Friday, April 21, 2006

content theft blogs

Content theft blogs are blogs that merely aggregate the posts of other blogs, and actually take credit for these posts. Sound insane? It happens a lot.

I have a post called "secret depths of blogging" over at Vaspers the Grate. Imagine my surprise when I did a Technorati "blogs that link to me" search...and discovered some asshat using my post as their content.

"secret depths of blogging by Digital music download music shopping"

link to content theft felony blog

WTF? "by Digital music..." ? Hell no. That post "secret depths of blogging" is by Vaspers the Grate. See that link to my post, at the bottom, that says "Original Post:...."? That's a link to my post. But, although they link to me, they are taking credit for the post, which is only partially quoted.

See the term "digital effluvium" in the text? That's my original neologism, an expression I invented. No one else in the entire world uses that expression. I'm not sure what the purpose of this blog is, though I suspect it's a link farm "splog", or spam blog, a blogoid object that exists merely to drive traffic to other sites.

Do not click on any links in this blog, for they're probably malicious, links to spyware or virus attaching sites.

I plan to press charges and sue the blogger. I want to destroy this con artist and his shitty aggregator blog that rips off music-oriented content of other blogs.

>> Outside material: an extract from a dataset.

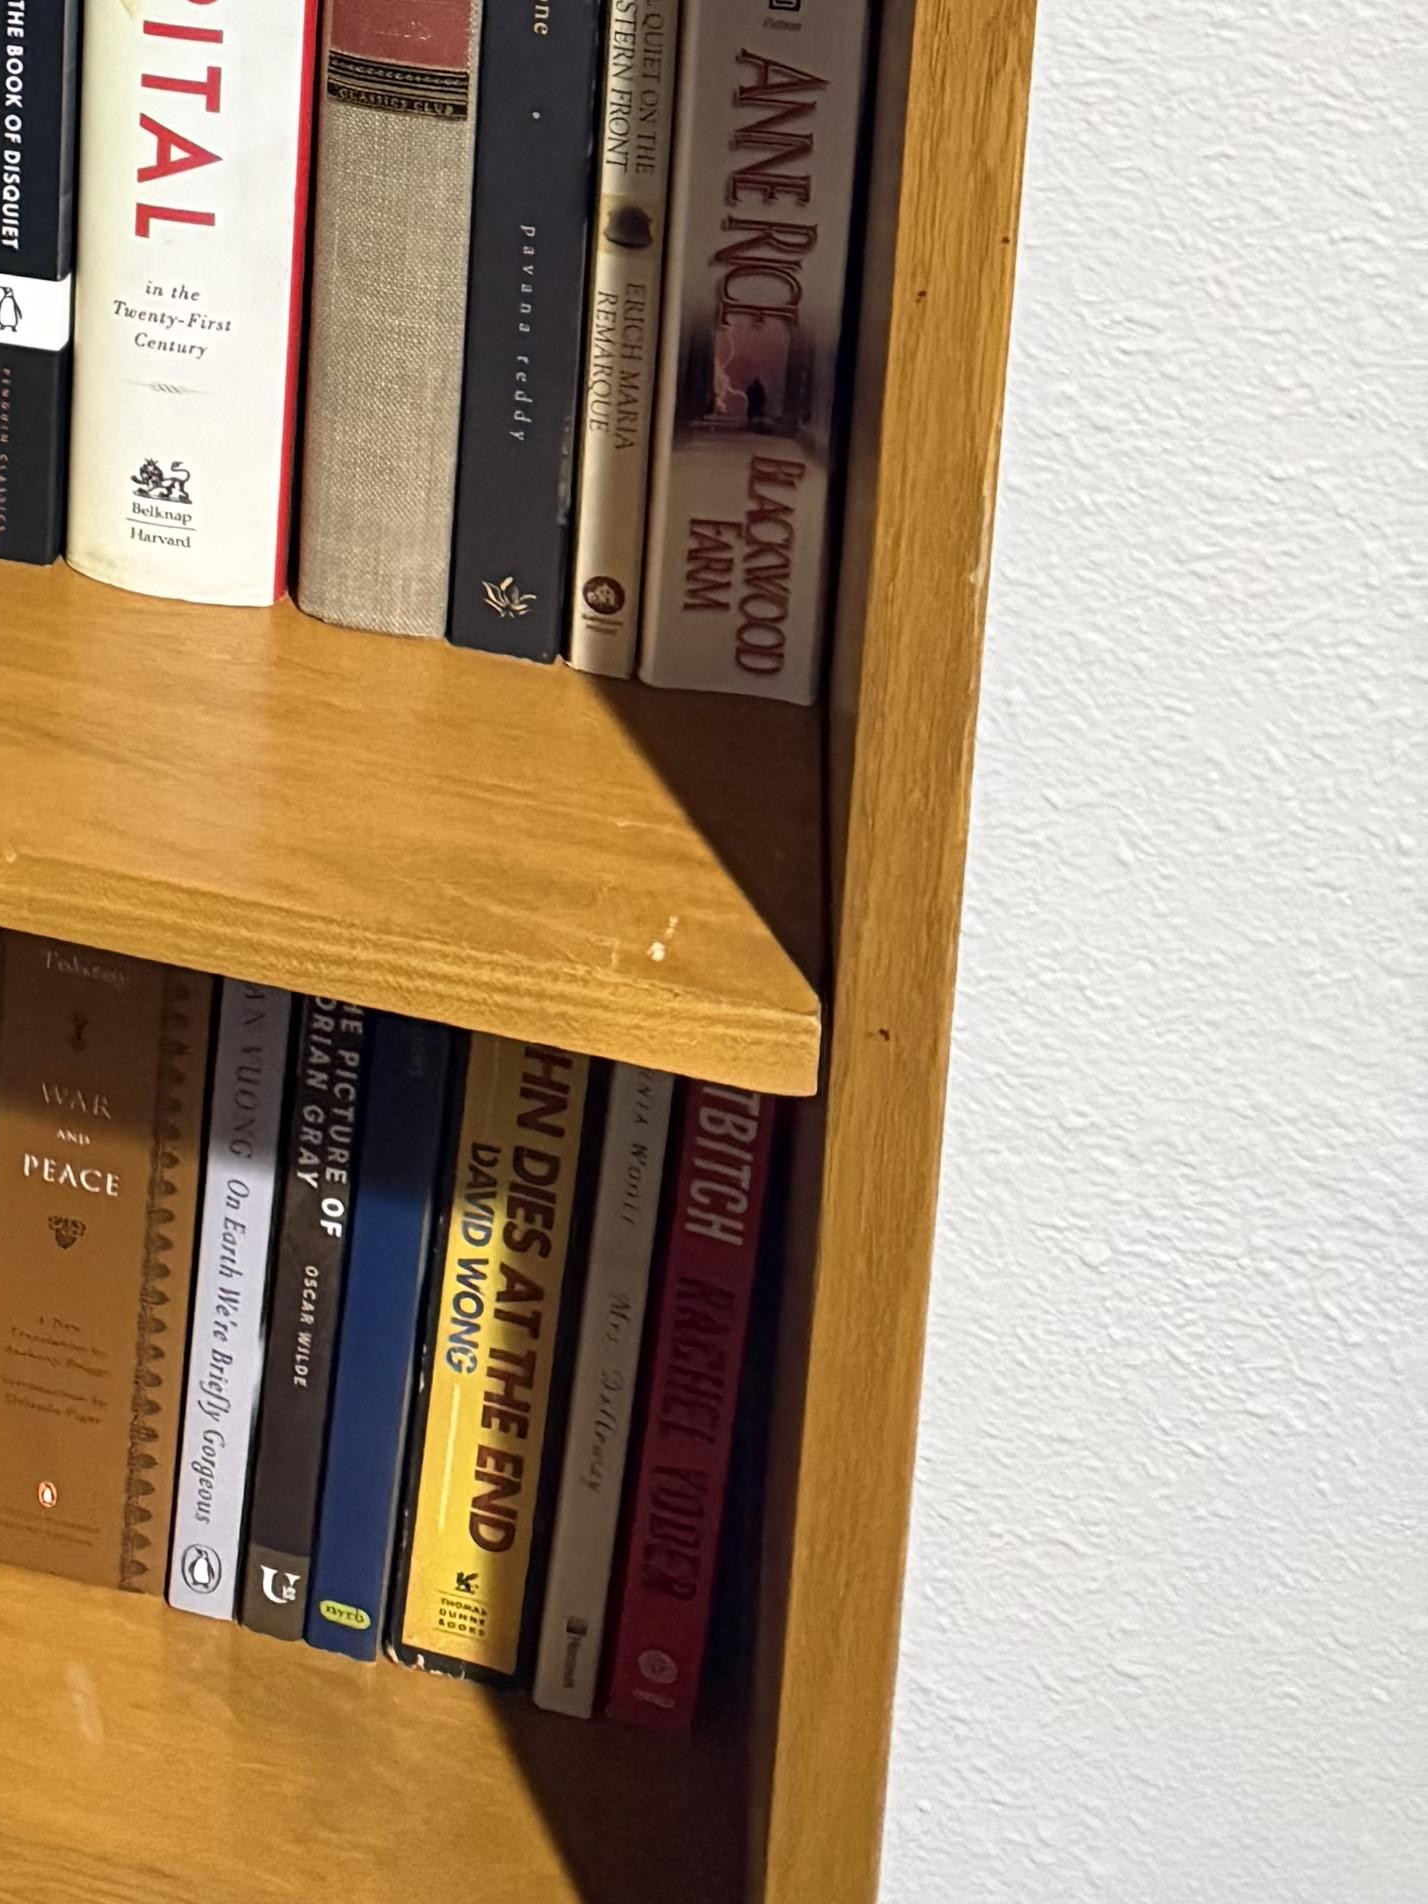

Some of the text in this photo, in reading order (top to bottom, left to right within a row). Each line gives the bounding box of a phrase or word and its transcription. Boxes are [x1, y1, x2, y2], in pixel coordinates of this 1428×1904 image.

Content theft blogs are usually, maybe always, anonymous. They don't have the balls to identify themselves. I have seen this plagiaristic practice many times, and this is not the first Pseudo Blog to steal my content.

1 comment:

Cecil Kleakins said...

Does your blog have an RSS feed? As useful as RSS is, it makes it incredibly easy to steal content and repurpose it. I've seen product reviews I've posted on Amazon and elsewhere propigate themselves throughout many review/opinion aggregator sites (got a neologism for them?).

I just heard a bit on NPR about how when Charles Dickens first came to the US, he was incredibly dismayed to find that American newspapers were publishing his serialized works without paying him a cent in royalties. He was furious and said so. The American media responded with indignation. Their contention was that they were using their newspapers to garner him wider readership as an author, and how dare he bite the hand that feeds him with new readers! The same argument is used in developing countries against the idea of software piracy.

I think the bottom line is that the blogosphere is an emerging developing marketplace. We are still learning the rules. These rakish profligates that have made off with your content are taking advantage of the open market (via the power of RSS) to feed off of what might otherwise seem difficult to capitalize upon on an individual level. But the technology makes it too easy to rapidly create armies of such feeder sites by which more substantial traffic can be generated. But the market will edge them out as more of them keep feeding. The splogsplosion of such entities ensures their own obselescence.

But it points to an interesting need among blood-pumping carbon-based bloggers. How to create a kind of a Turing test for content? How to "sign" your writing in such a manner that readers can know it is real? Or is such a concept of ownership an antiquated relic of modernism? Is open-source capitalism creating a kind of ownerless communism?